Objectives: To determine if arterial properties and wave reflection characteristics are favorably altered after enhanced external counterpulsation (EECP) treatment in patients with refractory angina.
Background: Early return of reflected waves from the lower body, resulting from increased arterial stiffness, augments central aortic pressure and increases left ventricular (LV) afterload and myocardial oxygen demand. EECP acutely enhances coronary perfusion (supply) and reduces LV afterload (demand). However, the mechanisms responsible for the sustained beneficial effects of EECP treatment are unclear.
Methods: Radial artery pressure waveforms were recorded by applanation tonometry and central aortic pressure waveforms generated using a mathematical transfer function in 20 patients with stable refractory angina. Data were collected before and after 34 1-h EECP sessions. Augmentation index (AI(a)) and timing of the reflected pressure wave were calculated from the aortic waveform.
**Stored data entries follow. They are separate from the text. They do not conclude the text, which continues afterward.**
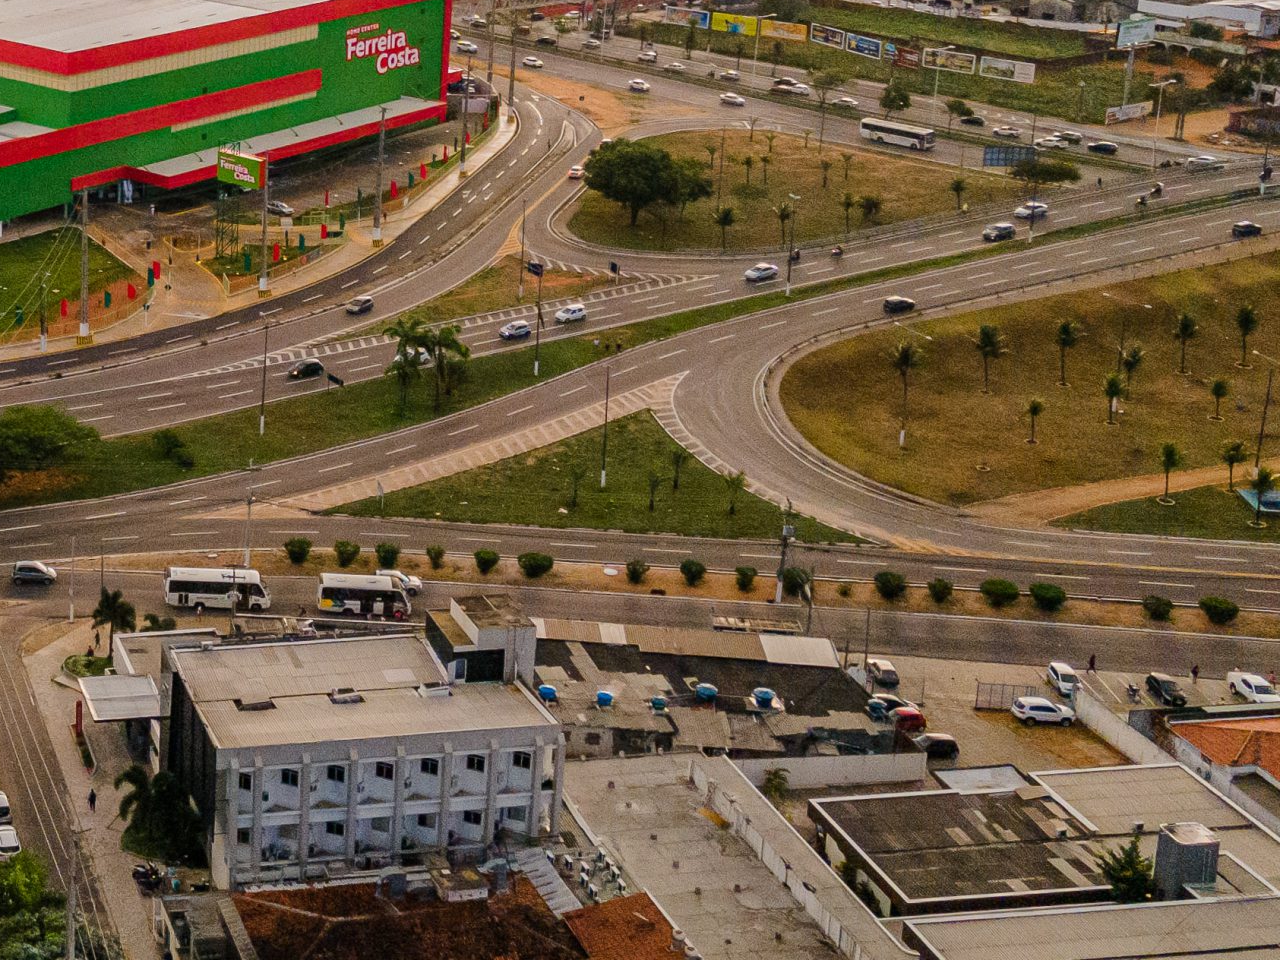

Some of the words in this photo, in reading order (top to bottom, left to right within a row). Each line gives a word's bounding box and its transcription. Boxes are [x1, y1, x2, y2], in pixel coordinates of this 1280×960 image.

[346, 27, 407, 60] Ferreira
[376, 46, 420, 74] Costa
[220, 159, 249, 174] Ferreira
[233, 171, 256, 184] Costa
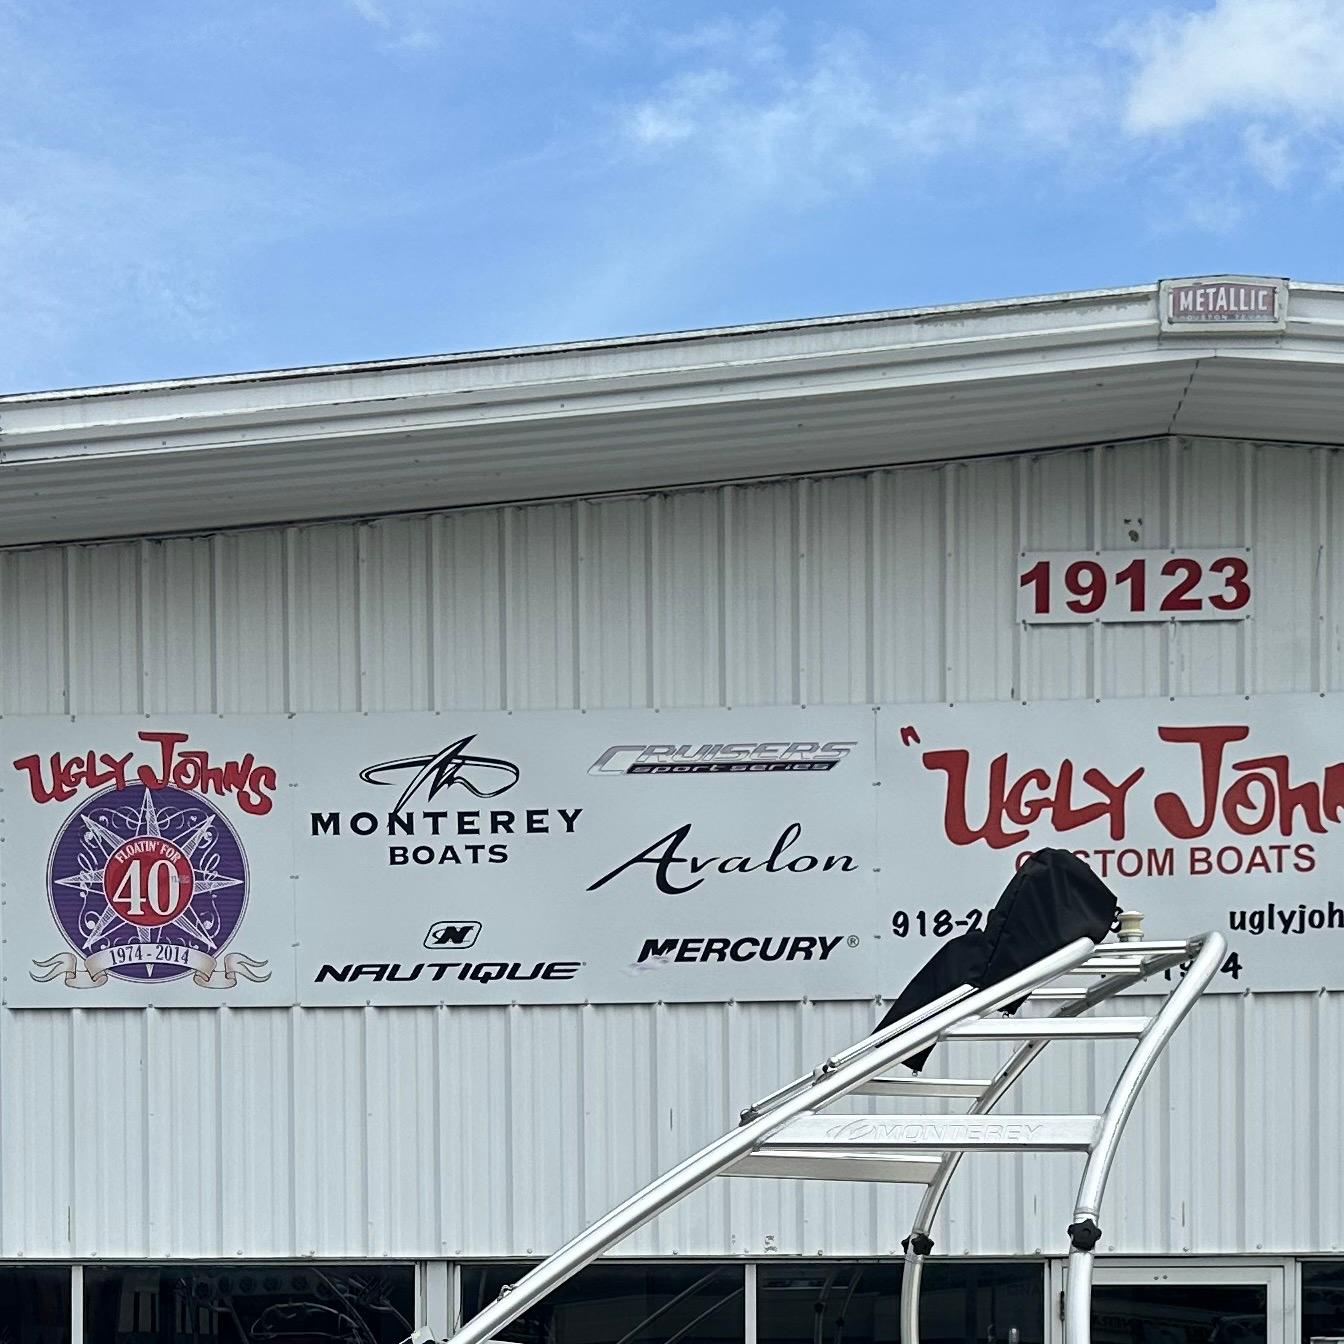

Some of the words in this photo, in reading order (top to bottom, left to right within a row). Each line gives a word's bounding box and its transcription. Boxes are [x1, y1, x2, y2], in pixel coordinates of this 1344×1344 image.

[1180, 287, 1267, 311] METALLIC
[1020, 557, 1251, 614] 19123
[586, 741, 858, 777] CRUISERS
[631, 763, 718, 774] sport
[728, 761, 829, 772] series
[311, 808, 583, 836] MONTEREY
[160, 844, 182, 863] FOR
[389, 844, 509, 866] BOATS
[586, 822, 859, 895] Avalon
[1015, 847, 1175, 877] TOM
[1190, 843, 1316, 876] BOATS
[112, 859, 180, 916] 40
[110, 946, 142, 966] 1974
[156, 944, 190, 965] 2014
[314, 961, 582, 984] NAUTIQUE
[875, 1124, 1044, 1141] MONTEREY
Results: EECP treatment caused a decline in AI(a) and an increase in reflected wave travel time. These modifications in wave reflection characteristics caused a decrease in aortic systolic pressure and wasted LV pressure energy. The average number of angina episodes and Canadian Cardiovascular Society (CCS) class, both decreased in concordance with the physiologic changes due to EECP treatment.
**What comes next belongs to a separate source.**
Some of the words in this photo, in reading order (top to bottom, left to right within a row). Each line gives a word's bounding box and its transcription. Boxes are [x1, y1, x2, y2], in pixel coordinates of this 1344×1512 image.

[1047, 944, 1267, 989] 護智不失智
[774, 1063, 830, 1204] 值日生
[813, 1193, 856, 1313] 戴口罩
Conclusions: EECP treatment reduces arterial stiffness and improves wave reflection characteristics in patients with refractory angina. These changes decrease LV afterload and myocardial oxygen demand and reduce the number of angina episodes, therefore enabling patients to participate in continuous exercise programs which in turn may provide long-term benefits and sustained improved quality of life.